§ **WHAT YOU WILL DO**:
An exact transcription of all the records below is required, without any images.

§ **WORKING DATA**:

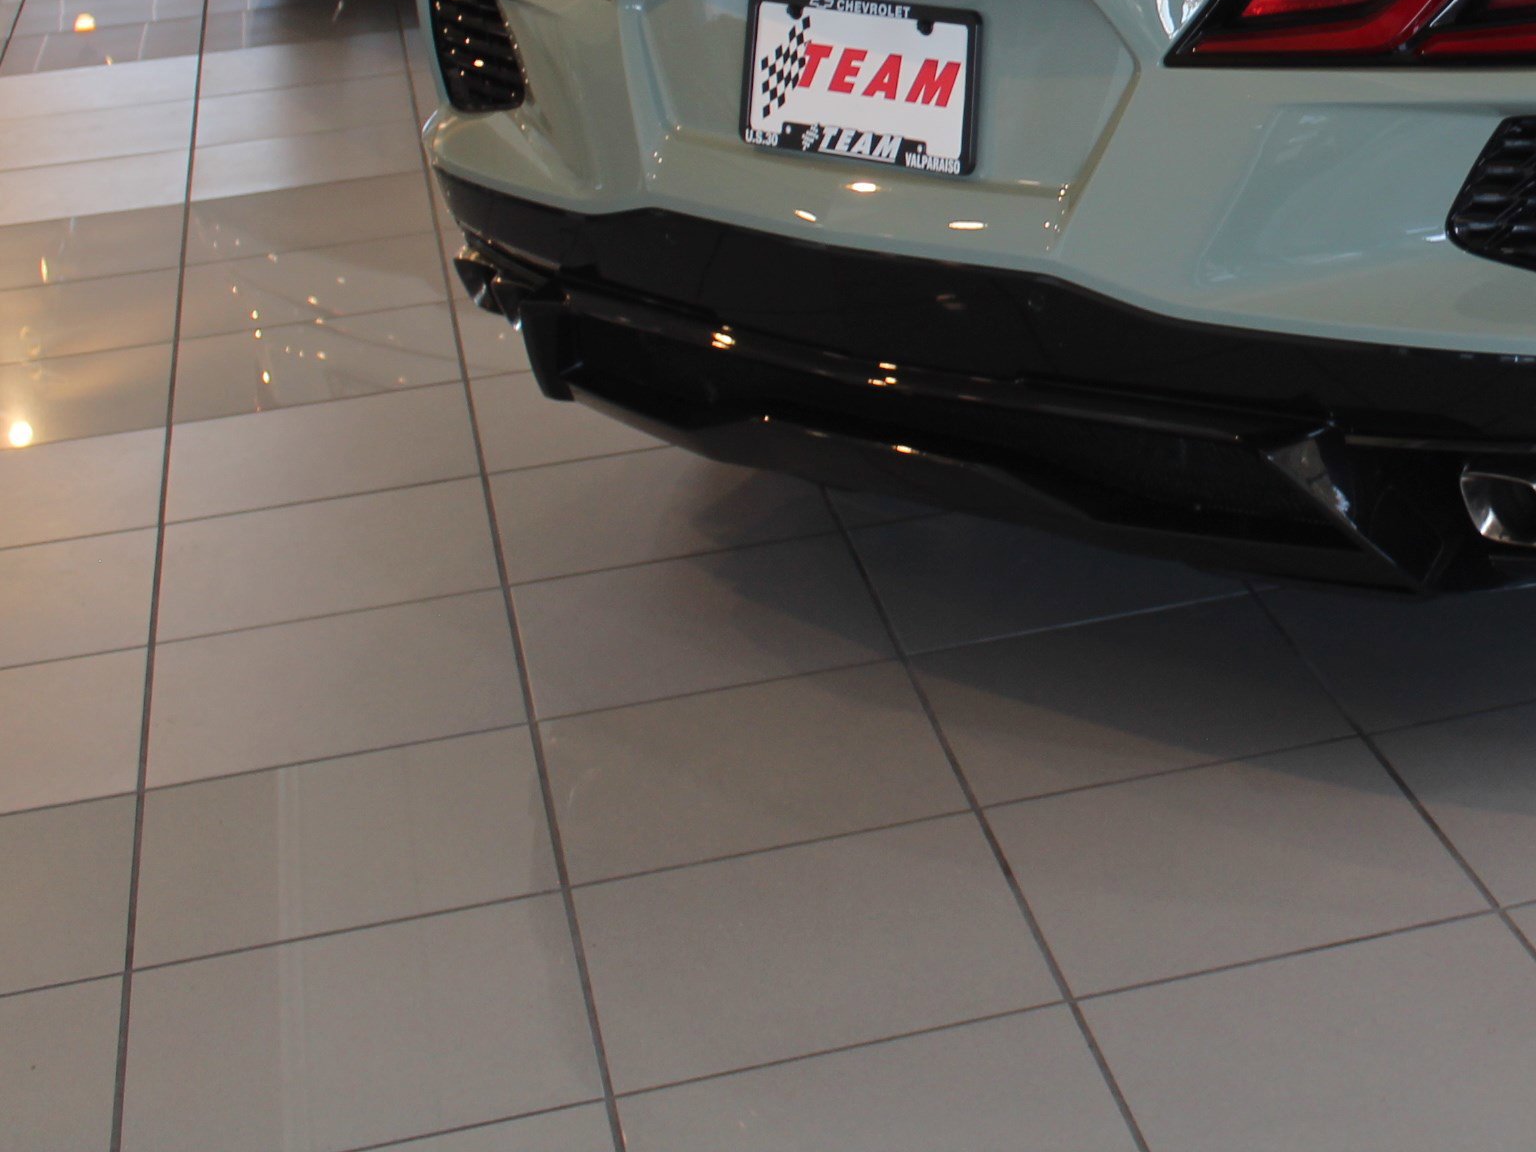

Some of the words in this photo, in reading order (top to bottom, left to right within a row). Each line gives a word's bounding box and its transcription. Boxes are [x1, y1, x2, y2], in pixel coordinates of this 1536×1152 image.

[836, 0, 912, 18] CHEVROLET
[798, 42, 961, 108] TEAM
[819, 126, 902, 159] TEAM
[905, 152, 961, 175] VALPARAISO
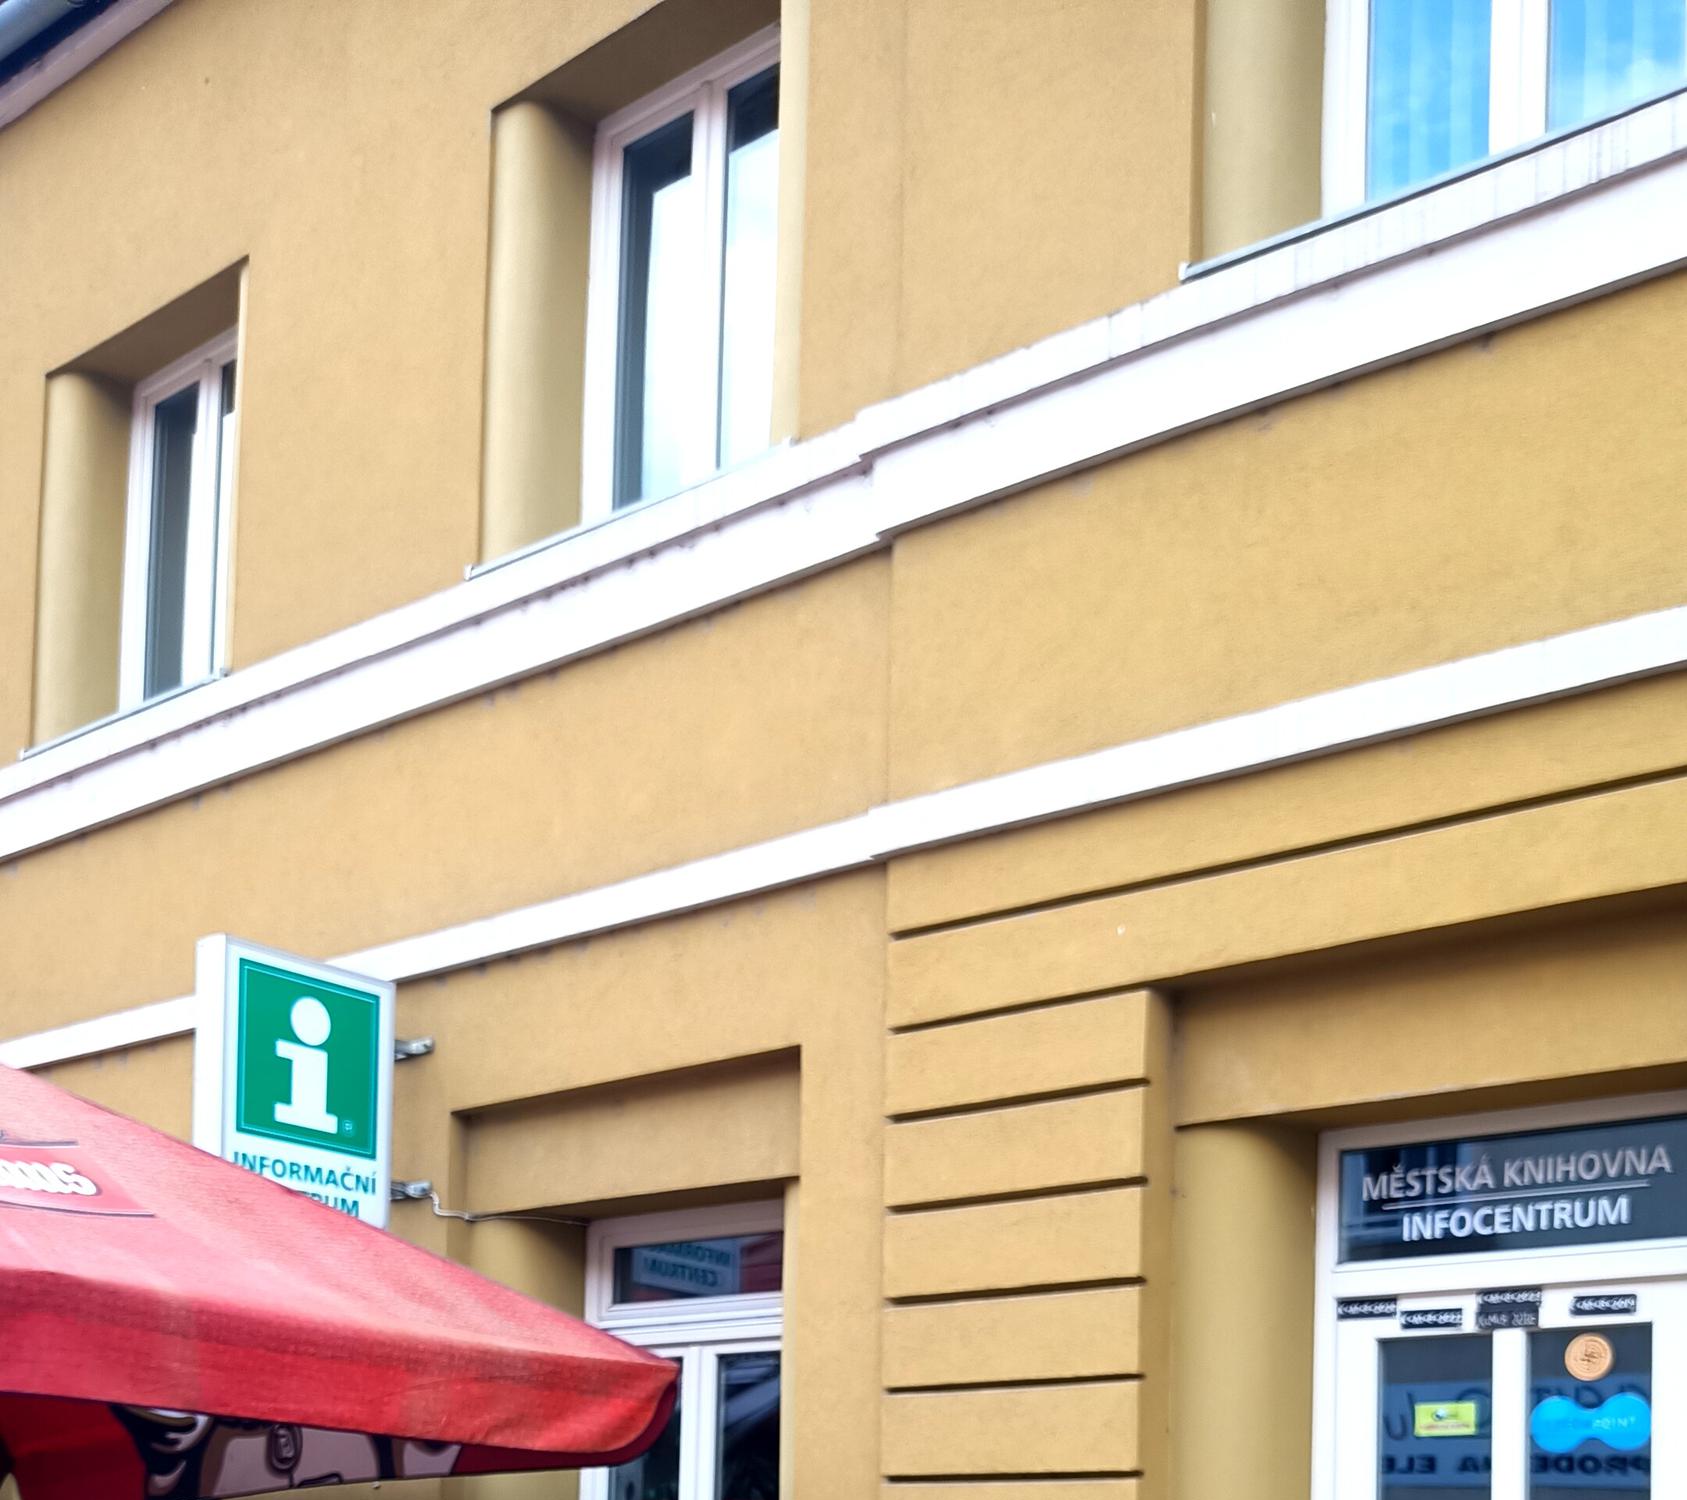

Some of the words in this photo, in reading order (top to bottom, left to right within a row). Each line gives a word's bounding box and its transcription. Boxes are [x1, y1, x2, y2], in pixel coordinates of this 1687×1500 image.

[234, 1152, 376, 1195] INFORMAČNÍ
[1362, 1156, 1497, 1201] MĚSTSKÁ
[1503, 1144, 1672, 1188] KNIHOVNA
[1402, 1194, 1632, 1242] INFOCENTRUM
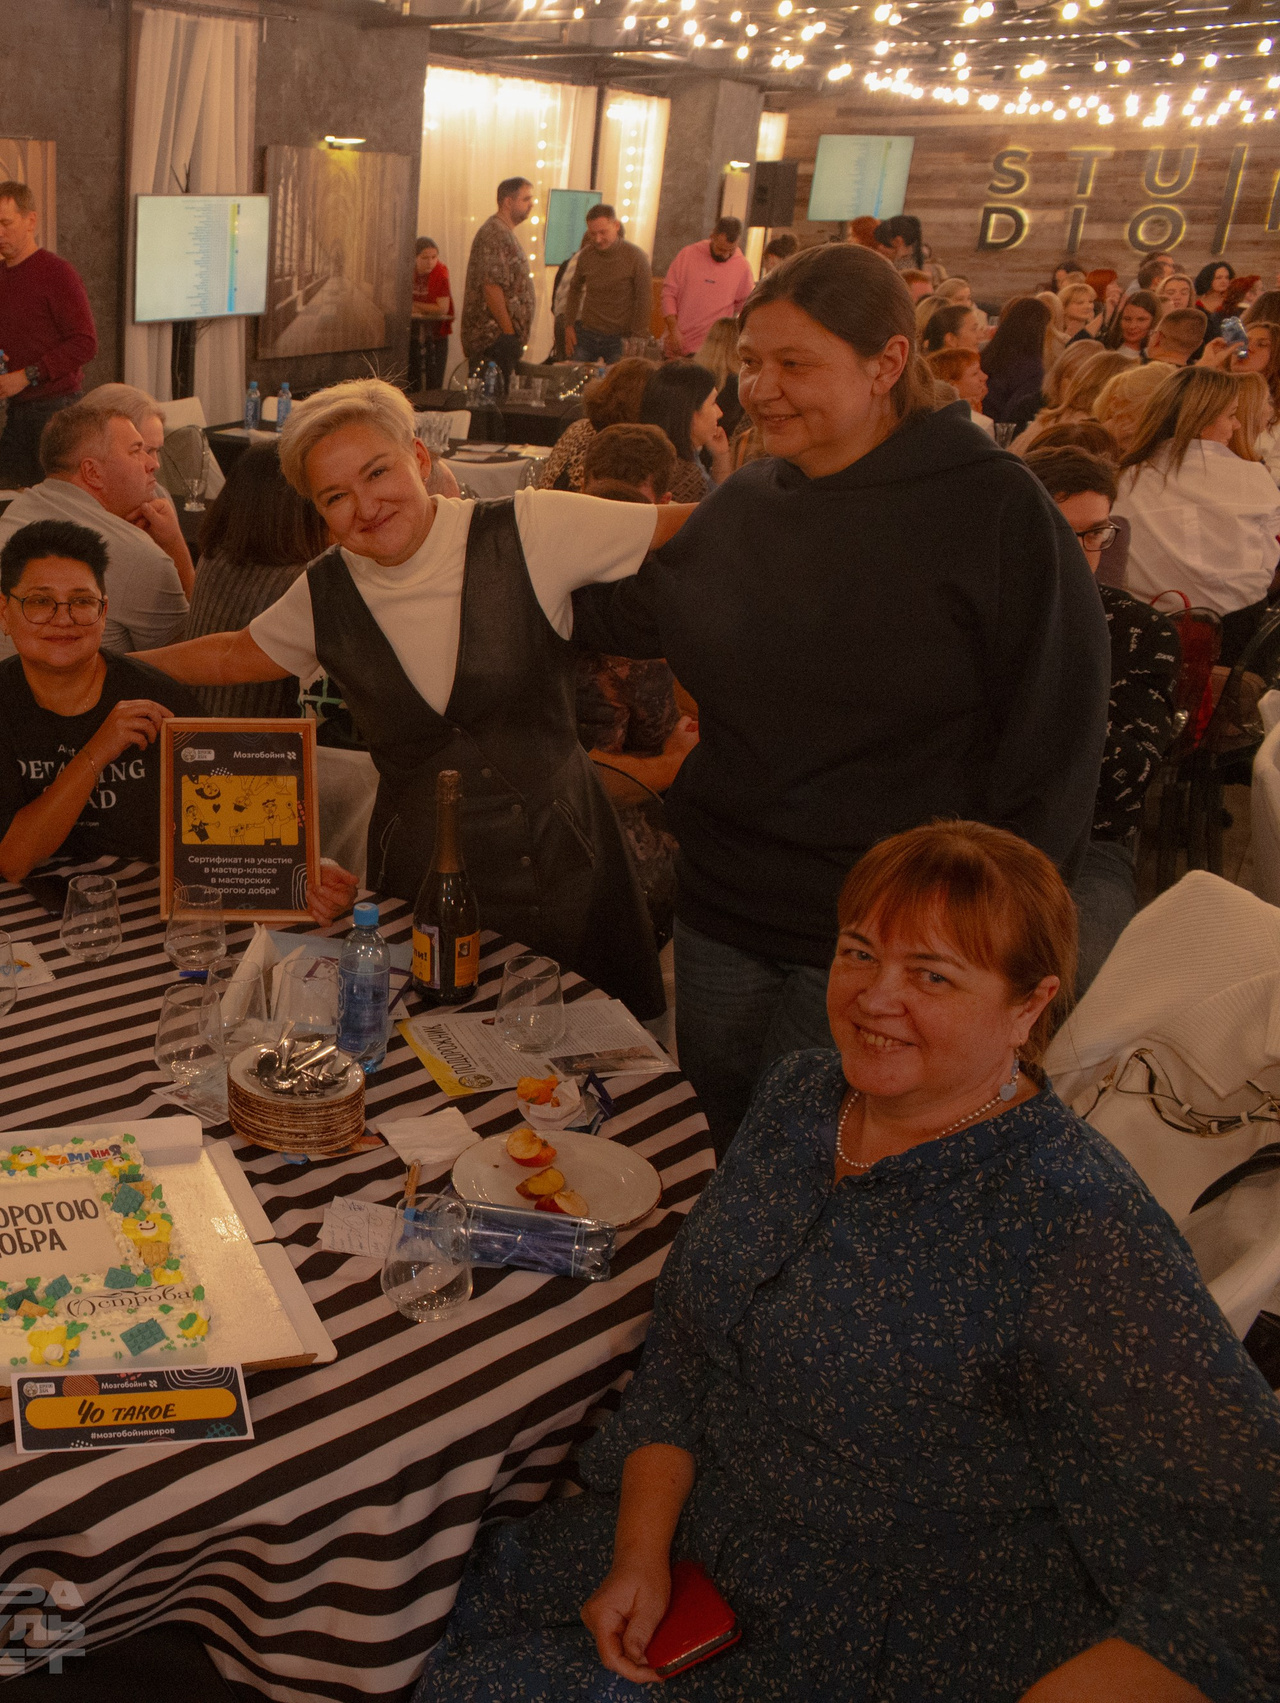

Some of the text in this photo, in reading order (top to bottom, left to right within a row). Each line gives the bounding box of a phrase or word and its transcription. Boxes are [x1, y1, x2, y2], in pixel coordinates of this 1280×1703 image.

[233, 750, 285, 760] Мозгобойня
[188, 855, 242, 865] Сертификат
[257, 857, 293, 867] участие
[212, 867, 277, 876] мастер-классе
[218, 877, 271, 886] мастерских
[101, 1380, 147, 1391] Мозгобойня
[91, 1427, 175, 1440] #мозгобойнякиров
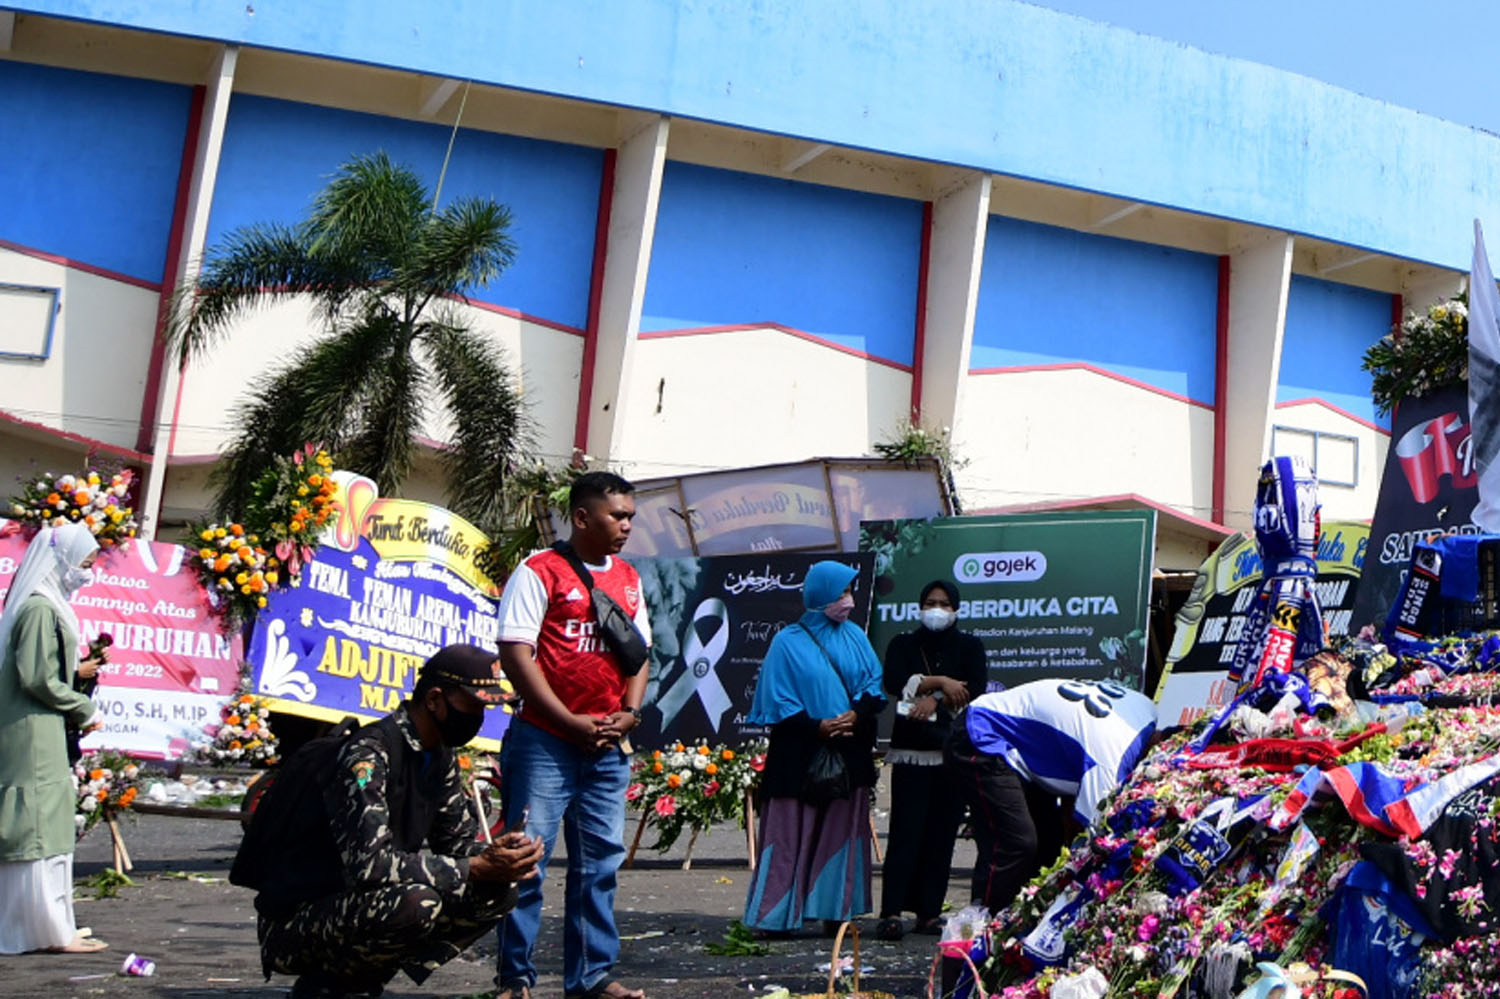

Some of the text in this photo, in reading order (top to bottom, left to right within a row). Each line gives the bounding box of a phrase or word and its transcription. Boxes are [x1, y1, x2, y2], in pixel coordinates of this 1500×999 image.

§ **ANSWER**:
Some of the words in this photo, in reading order (top to bottom, left to right within a row). Each line gives a word's bounding box and its transcription. Boxes are [x1, y1, x2, y2], in pixel coordinates of this 1536×1152 image.

[836, 0, 912, 18] CHEVROLET
[798, 42, 961, 108] TEAM
[819, 126, 902, 159] TEAM
[905, 152, 961, 175] VALPARAISO

Some of the words in this photo, in reading order (top to bottom, left to right within a row). Each line gives a word's bounding box and its transcription. Boxes are [x1, y1, x2, y2], in pixel coordinates of this 1687×1500 image.

[234, 1152, 376, 1195] INFORMAČNÍ
[1362, 1156, 1497, 1201] MĚSTSKÁ
[1503, 1144, 1672, 1188] KNIHOVNA
[1402, 1194, 1632, 1242] INFOCENTRUM

Some of the text in this photo, in reading order (top to bottom, left to right within a row). Each line gives the bounding box of a phrase or word and its transcription. Boxes are [x1, y1, x2, y2], in pixel coordinates of this 1280×1703 image.

[233, 750, 285, 760] Мозгобойня
[188, 855, 242, 865] Сертификат
[257, 857, 293, 867] участие
[212, 867, 277, 876] мастер-классе
[218, 877, 271, 886] мастерских
[101, 1380, 147, 1391] Мозгобойня
[91, 1427, 175, 1440] #мозгобойнякиров

Some of the text in this photo, in reading order (top to bottom, left to right within a row). Each line gives the bounding box of a phrase or word and its transcription. Boxes are [x1, y1, x2, y2], in pixel coordinates of this 1500×999 image.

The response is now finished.